Kingston-Cataldo sewer district awarded $1.4M loan for treatment facility project
KINGSTON — The Kingston-Cataldo Sewer District was recently awarded a $1.4 million loan from the Idaho Department of Environmental Quality.
The low-interest wastewater construction loan is scheduled to be used during the second phase of KCSD’s new wastewater treatment facility project.
Construction is scheduled to begin this spring and be completed by next summer. The facility will be built on a 130-acre property between Kelly and French gulches. The property was purchased after the district was awarded $6.2 million for the plant in 2023.

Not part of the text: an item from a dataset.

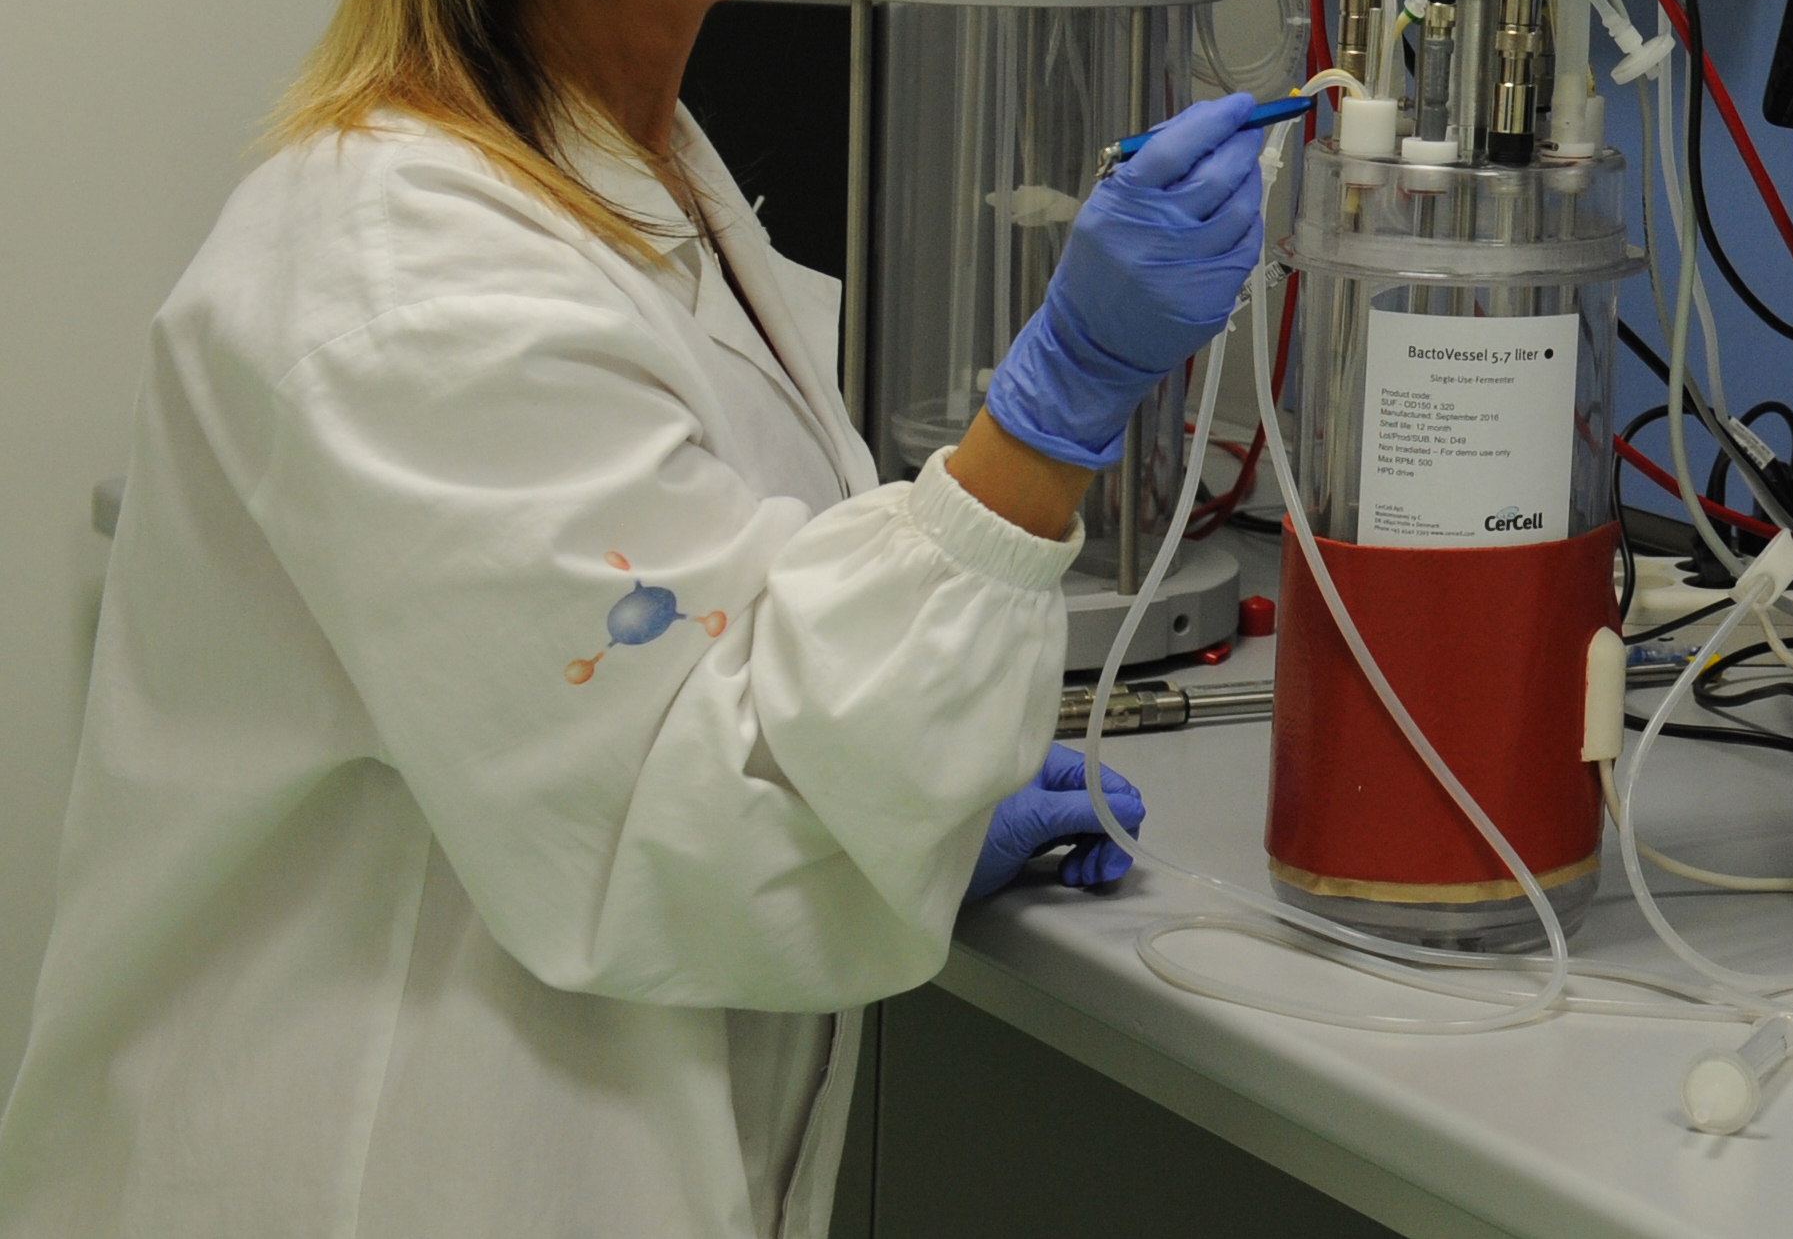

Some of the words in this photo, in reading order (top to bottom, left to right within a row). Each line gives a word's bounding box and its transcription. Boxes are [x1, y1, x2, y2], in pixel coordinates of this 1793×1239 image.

“The district has signed a loan agreement with IDEQ to supplement the existing grants to fund the entire project,” the KCSD board’s statement reads. “However, no funds have been withdrawn to date, and repayment will only be required on funds that are withdrawn. The district is actively seeking other means of funding to avoid drawing on the loan if possible.”

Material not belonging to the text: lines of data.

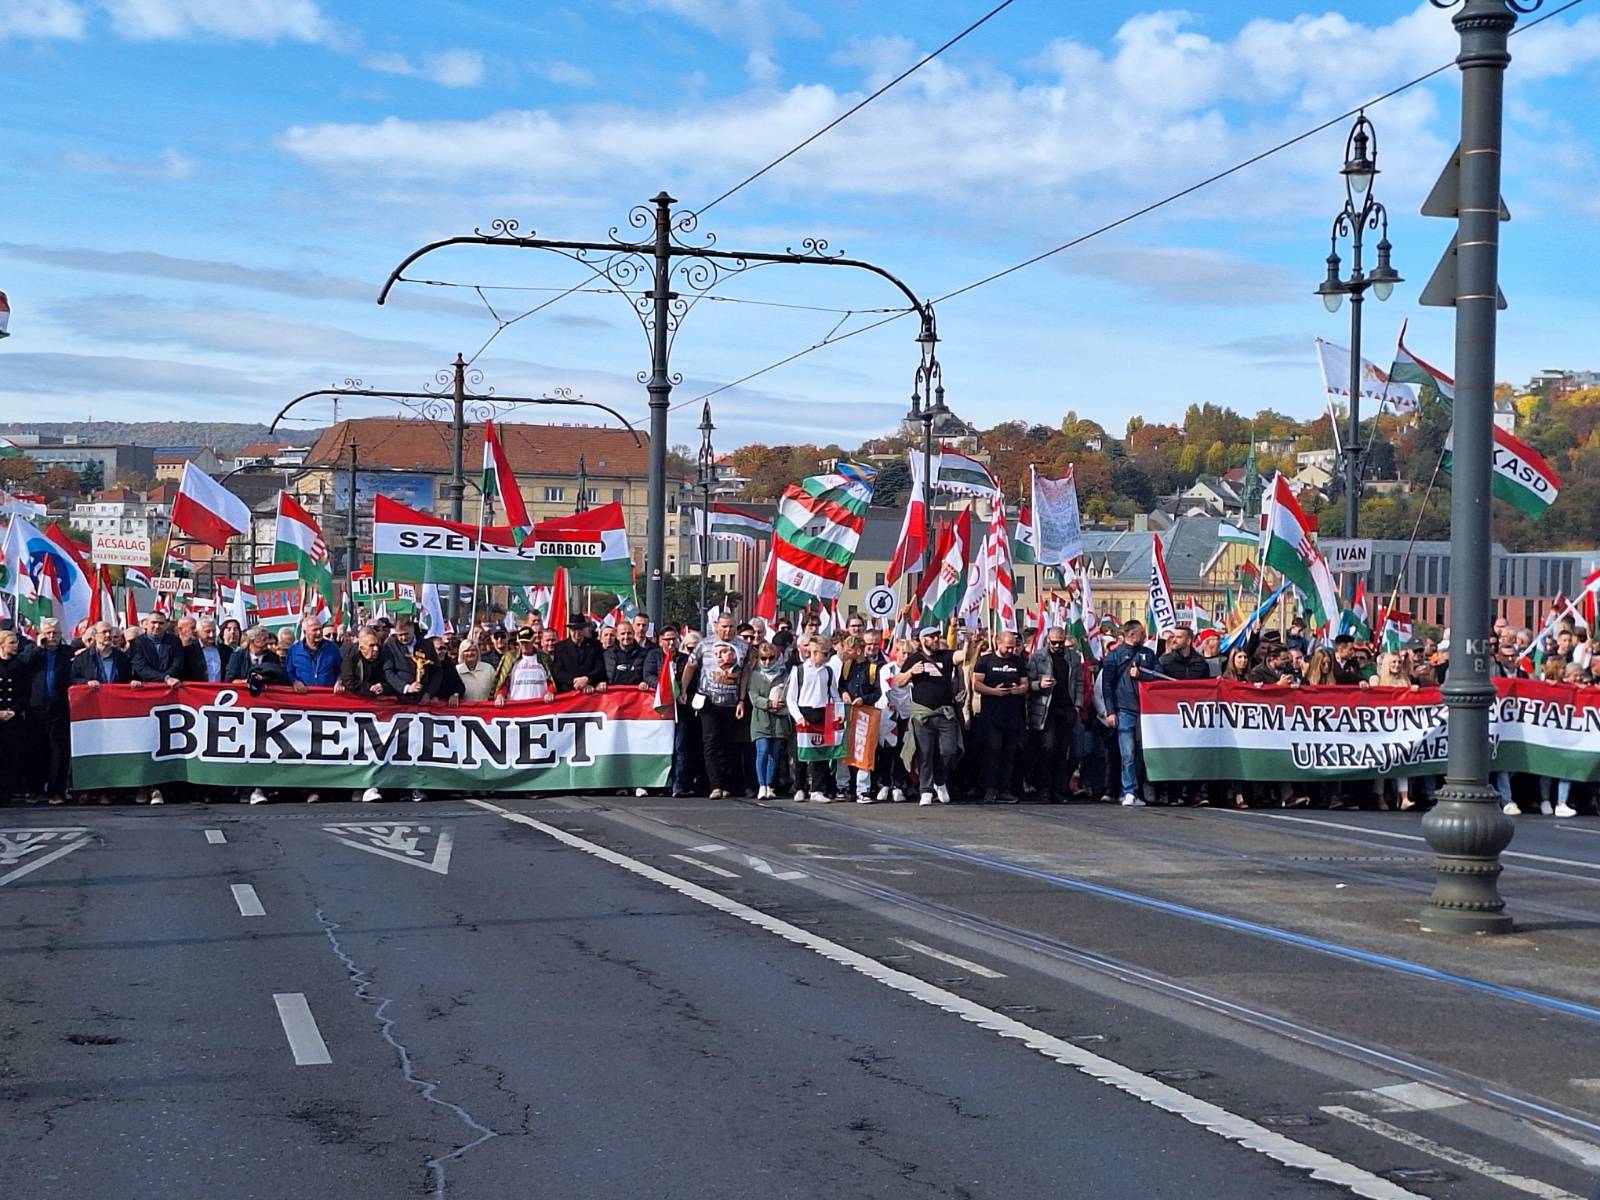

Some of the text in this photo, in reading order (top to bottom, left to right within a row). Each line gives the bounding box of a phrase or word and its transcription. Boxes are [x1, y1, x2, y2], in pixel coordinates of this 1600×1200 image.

[97, 538, 146, 551] ACSALAG
[539, 542, 597, 556] GARBOLC
[1336, 544, 1367, 561] IVÁN
[1290, 705, 1448, 732] AKARUNK
[153, 692, 604, 766] BÉKEMENET
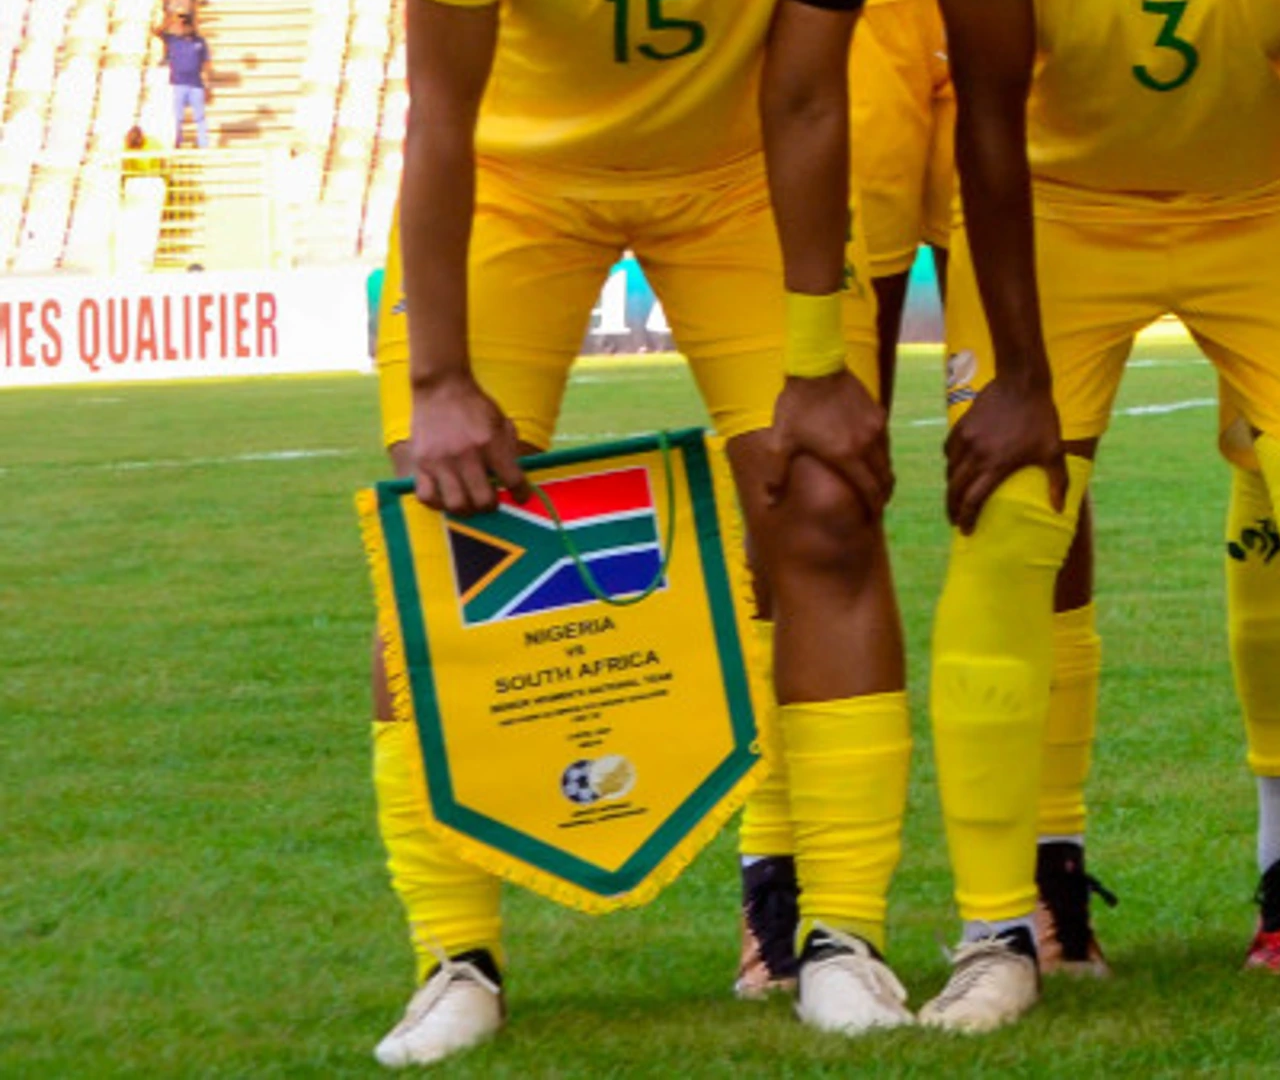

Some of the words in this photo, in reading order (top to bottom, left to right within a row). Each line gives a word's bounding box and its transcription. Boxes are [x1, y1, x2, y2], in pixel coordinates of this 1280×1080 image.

[1131, 0, 1198, 91] 3
[78, 292, 278, 372] QUALIFIER
[524, 616, 616, 646] NIGERIA
[494, 667, 573, 694] SOUTH
[578, 650, 661, 678] AFRICA

Having the loan in their back pocket will allow the KCSD some flexibility to begin the project while continuing to seek additional funds to keep the cost of the project low for its roughly 1,000 customers.
KCSD Manager Jon Groth met with the Shoshone County commissioners last year to discuss the district’s plans for the new plant and how it would differ from what they’ve been doing.
“The wastewater collected in Cataldo and Kingston, which currently goes to the South Fork Sewer District for treatment, will be collected and treated right there in Kingston,” Groth said. “The method is going to be to pump everything up to a piece of property the district acquired. Those flows of wastewater will be collected in a pond year-round, treated to where they’re the equivalent of pond water, and then at certain times of the year we’ll use that water to irrigate that property.”
Groth said the annual cost to operate the new treatment system is anticipated to be less than what the district is paying the South Fork Sewer District, while also relieving the SFSD’s recently upgraded systems and the amount of water being discharged into the South Fork Coeur d’Alene River by 15 million gallons annually.
The KCSD will hold a meeting in the coming months to update the public on the project.